The 2021 Canada in a Changing Climate: National Issues Report makes the case that “decision-making processes related to adaptation programs and policy can be made more effective through greater participation of local residents and organizations, inclusion of local and Indigenous Knowledge” (Voden and Consolo, 2021, p.159). The Inuit Tapiriit Kanatami (ITK), furthers this call for increased decision-making power for communities living in remote areas, specifically in Inuit Nunangat. Within the National Inuit Climate Change Strategy, the ITK emphasizes the importance of allowing those living in Inuit Nunangat to have decision-making power, as they “have critical contributions to make to climate policy and decision-making as rights holders and knowledge-holders first and foremost” and in order for climate actions to be “effective, appropriate, equitable, and sustainable for Inuit Nunangat” they must be in line with the collective “Inuit vision for building the sustainability, prosperity, and well-being” (Inuit Tapiriit Kanatami, 2021, p.4). As I continue to learn about warming in Northern Canada it is the voices of individuals living in the North that I will seek out, as they have cared for those lands since time immemorial and continue to do so in the face of our rapidly changing climate.
Works Cited
Bush, E., & Lemmen, D. S. (2019). (rep.). Canada’s Changing Climate Report. Ottawa: Government of Canada.

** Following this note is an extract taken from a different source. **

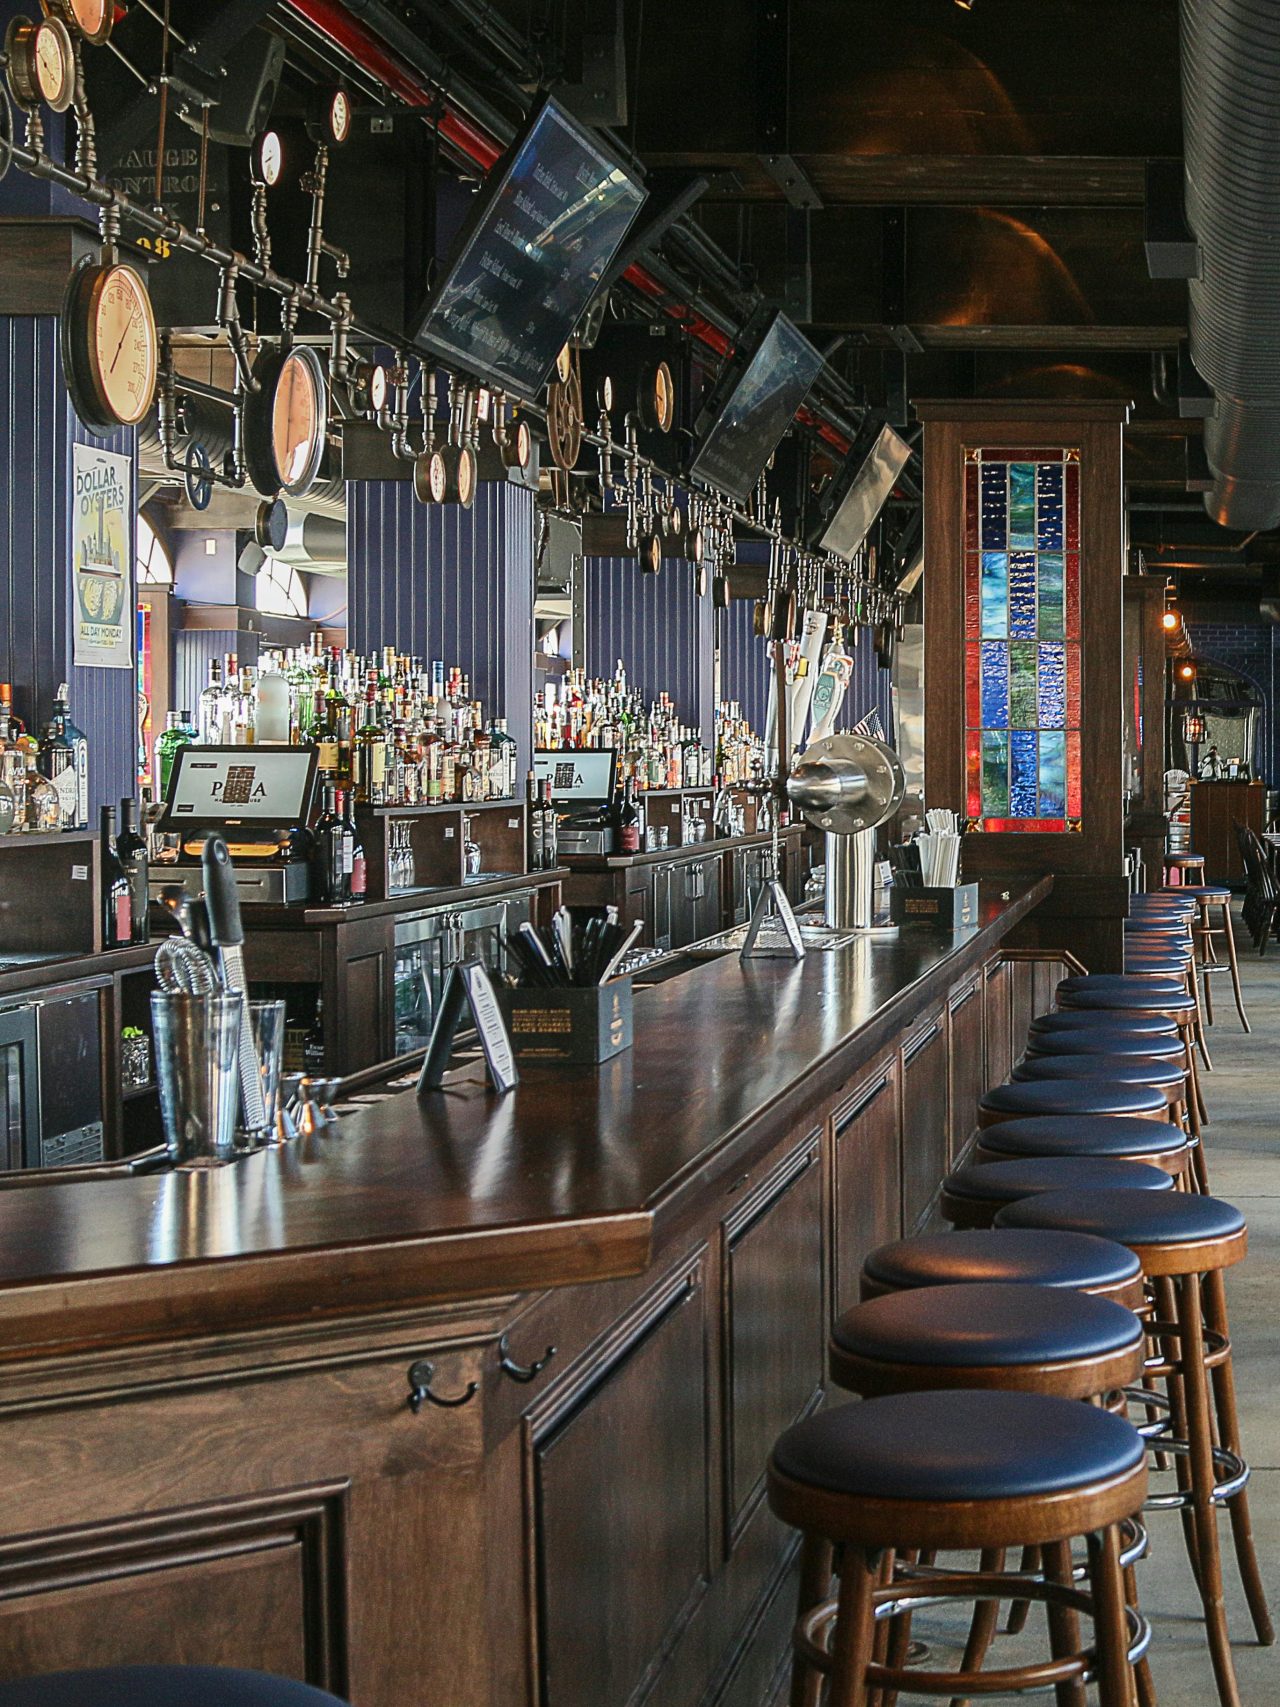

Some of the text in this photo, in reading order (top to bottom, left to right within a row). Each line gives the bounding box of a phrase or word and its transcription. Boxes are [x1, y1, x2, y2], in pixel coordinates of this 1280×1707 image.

[113, 149, 199, 168] AUGE
[77, 466, 117, 496] DOLLAR
[81, 485, 125, 516] OYSTERS
[80, 625, 122, 639] ALL DAY MONDAY

Derksen, C., Burgess, D., Duguay, C., Howell, S., Mudryk, L., Smith, S., Thackeray, C. and Kirchmeier-Young, M. (2019): Changes in snow, ice, and permafrost across Canada; Chapter 5 in Canada’s Changing Climate Report, (ed.) E. Bush and D.S. Lemmen; Government of Canada, Ottawa, Ontario, p.194–260.

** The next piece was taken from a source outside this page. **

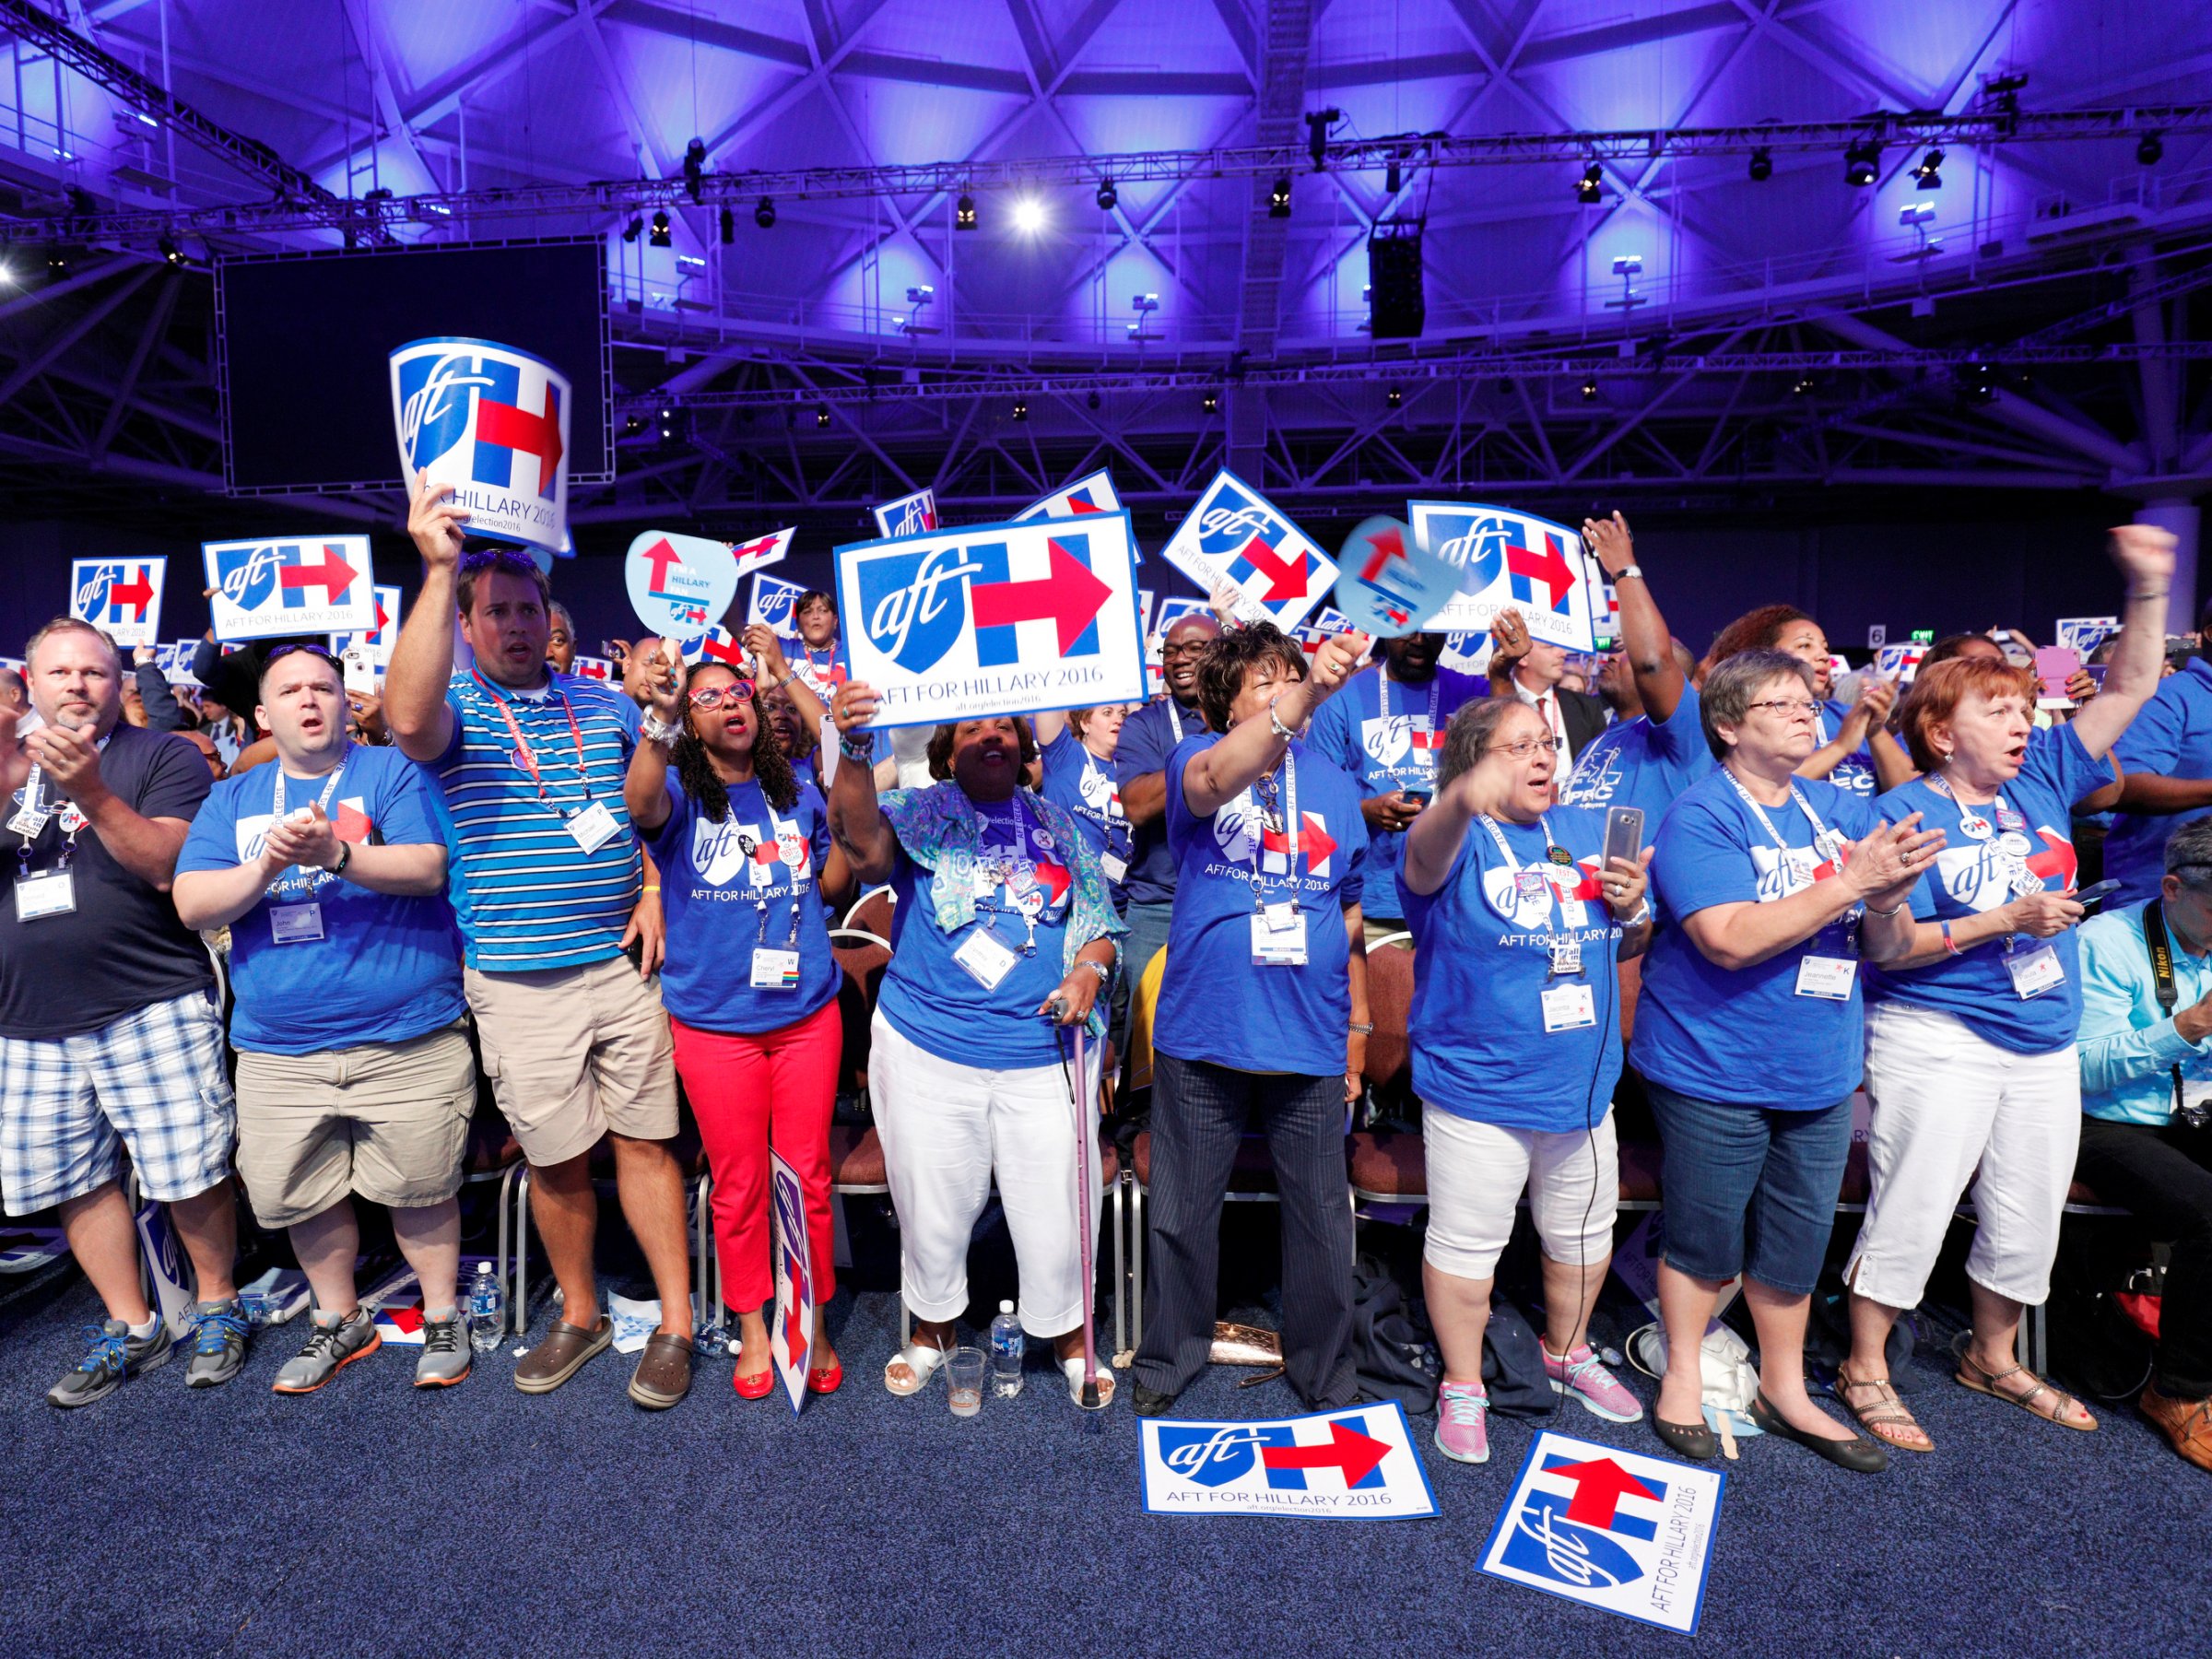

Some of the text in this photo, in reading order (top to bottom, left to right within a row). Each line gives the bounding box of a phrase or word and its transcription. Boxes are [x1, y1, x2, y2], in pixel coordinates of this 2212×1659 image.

Emanuel, K. (2020). Climate Science, Risk & Solutions. Massachusetts Institute of Technology.
Inuit Tapiriit Kanatami. (2019). (rep.). National Inuit Climate Change Strategy. Inuit Tapiriit Kanatami.
NASA. (n.d.). Net radiation. NASA.https://earthobservatory.nasa.gov/global-maps/CERES_NETFLUX_M.
Turton, S. (2021, June 3). Climate explained: Why is the Arctic warming faster than other parts of the world? International Science Council. https://council.science/current/blog/climate-explained-why-is-the-arctic-warming-faster-than-other-parts-of-the-world/.
Vodden, K. and Cunsolo, A. (2021): Rural and Remote Communities; Chapter 3 in Canada in a Changing Climate: National Issues Report, (ed.) F.J. Warren and N. Lulham; Government of Canada, Ottawa, Ontario.